I live in Washington. Spend most of my time on the Missouri River between Hermann and St Charles. Do get to the lakes once in a while. Just was at Truman last weekend and will be going to Table Rock in October. Occasional LOZ But not in my boat.


----------



## panFried

Bulldog, I sent PM for price quote on vinyl.


----------



## panFried

Went to Morse Mill (Big River) this evening and caught some nice Smallies and Gills on hand tied spinners. Had to dodge the partiers, but fun for the whole family.


----------



## fender66

Hey Bowhunter....welcome to tinboats. I have an uncle that was a commercial fisherman in that stretch for many years. Had the opportunity to go out with him a few times when I was a kid.


----------



## panFried

If you live I'm the SoCo area of STL, I cruised out to Young CA in Eureka and I was surprised to find two pond with large mouth dying to be caught. Yesterday, the family headed out about 6pm and we all caught fish, some more than others. We totaled 10 in about 30mins. Fun evening for all, so check it out if you are ever out that way. Note, watch out for hunters... Shotguns going off throughout the woods.


----------



## ramuh2121

Hey guys. I'm fairly new to the board. I'm in Russellville, which is about 20 miles SW of Jefferson City. I don't really do any fishing, just some family-time pleasure boating on our new-to-us converted OBJ. We frequent the top of the Osage river (bottom of Bagnell Dam at LOZ). Everyone says there is good fishing down there. Saw some good sized gar at the ramp last weekend. It's nice because there are usually very few people around. We also like the Osage at Wardsville, and I've been dying to try the OBJ out on the Gasconade around Freeburg/Vienna.


----------



## fender66

Hey rumah..welcome to the tinboats family. Was just in your neck of the woods last weekend. You should try that fishing...it is addictive to say the least.


----------



## panFried

Yo MO Tinboaters, this thread has been kinda quiet. Since we are in the new year and half way thru "off-season", wondering if we want to try and plan a get-together this season to fish, boat, or what have ya. Folks have mentioned it a few times so let me know what you think.


----------



## fender66

[url=https://www.tinboats.net/forum/viewtopic.php?p=338795#p338795 said:


> panFried » 30 minutes ago[/url]"]Yo MO Tinboaters, this thread has been kinda quiet. Since we are in the new year and half way thru "off-season", wondering if we want to try and plan a get-together this season to fish, boat, or what have ya. Folks have mentioned it a few times so let me know what you think.

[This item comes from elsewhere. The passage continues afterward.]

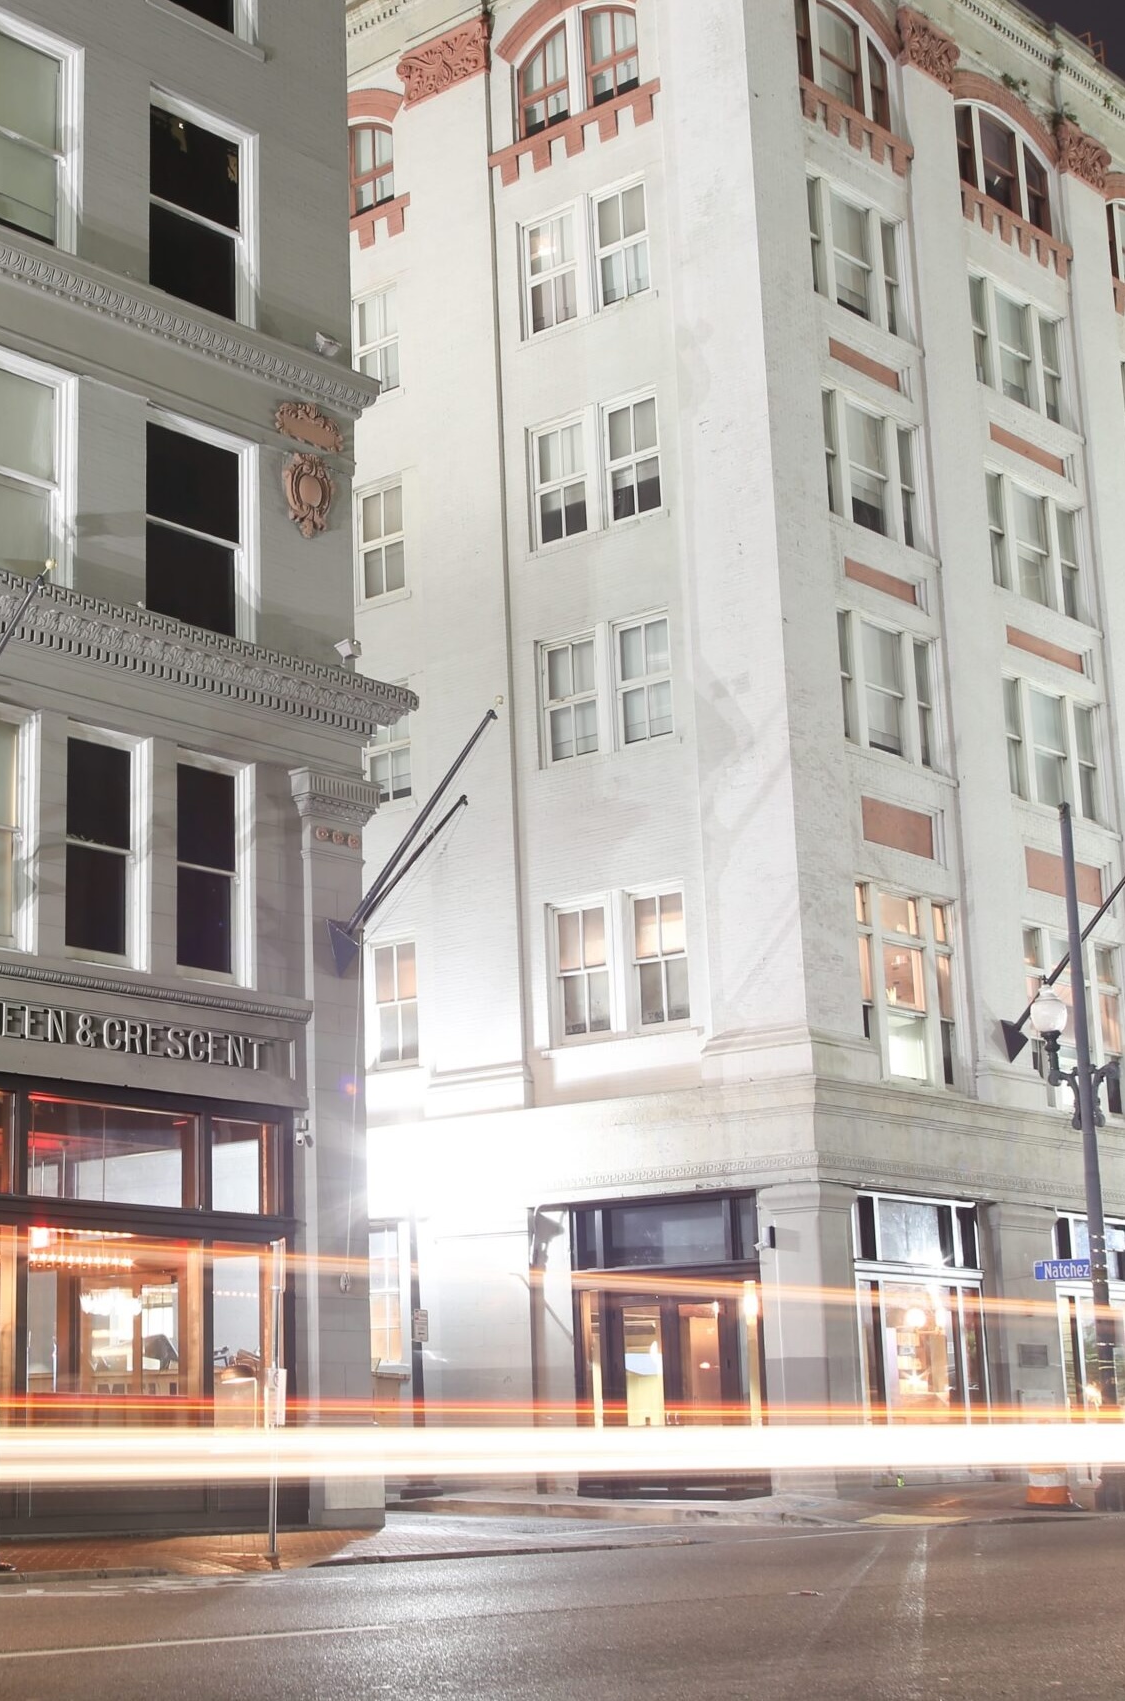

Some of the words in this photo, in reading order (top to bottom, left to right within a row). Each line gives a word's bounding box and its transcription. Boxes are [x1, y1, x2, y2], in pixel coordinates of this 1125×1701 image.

[76, 1013, 97, 1048] &
[103, 1017, 267, 1070] CRESCENT
[1044, 1262, 1090, 1278] Natchez

I'm up for it Pan. What say yea bout breakfast first. You guys might not be able to stand me for more than that. :LOL2:


----------



## panFried

fender66 said:


> I'm up for it Pan. What say yea bout breakfast first. You guys might not be able to stand me for more than that. :LOL2:


I'm all in for breakfast. Suggestions on time and place? I think you mentioned IHOP one time, but I'm ok with any place.


----------



## fender66

[url=https://www.tinboats.net/forum/viewtopic.php?p=338853#p338853 said:


> panFried » Today, 19:25[/url]"]
> 
> 
> fender66 said:
> 
> 
> 
> I'm up for it Pan. What say yea bout breakfast first. You guys might not be able to stand me for more than that. :LOL2:
> 
> 
> 
> I'm all in for breakfast. Suggestions on time and place? I think you mentioned IHOP one time, but I'm ok with any place.
Click to expand...


iHop works for me. Now when?? It's probably too soon to suggest this Saturday, but it works for me. The following Saturday doesn't work for me. Maybe February 1st???


----------



## panFried

I could go for February 1st, plus that will give others time to come on.


----------



## fender66

[url=https://www.tinboats.net/forum/viewtopic.php?p=338866#p338866 said:


> panFried » Yesterday, 23:01[/url]"]I could go for February 1st, plus that will give others time to come on.



Let's do it then...

FEB 1st....that's a Saturday. IHop it is....I know there's one on the Bluffs in Fenton...will that work or is there another more convenient for everyone??

Shall we say 9:00 AM


----------



## panFried

Sounds good to me.


----------



## T Man

I'm sort of a mo tag along. I live 5 minutes from the mo border and sometimes get into Missouri while fishing on the spring river. Every year a couple of my old college buddies and I try and make it down to norfork lake for a weekend of fishing and getting away from big kid problems. Maybe we could hook up with you bull sholes guys this year for some local guidance


----------



## fender66

I've had Bull Shoals on my radar for years. My problem is that if I drive that far......I want to fish Table Rock. Love that lake.


----------



## panFried

fender66 said:


> I've had Bull Shoals on my radar for years. My problem is that if I drive that far......I want to fish Table Rock. Love that lake.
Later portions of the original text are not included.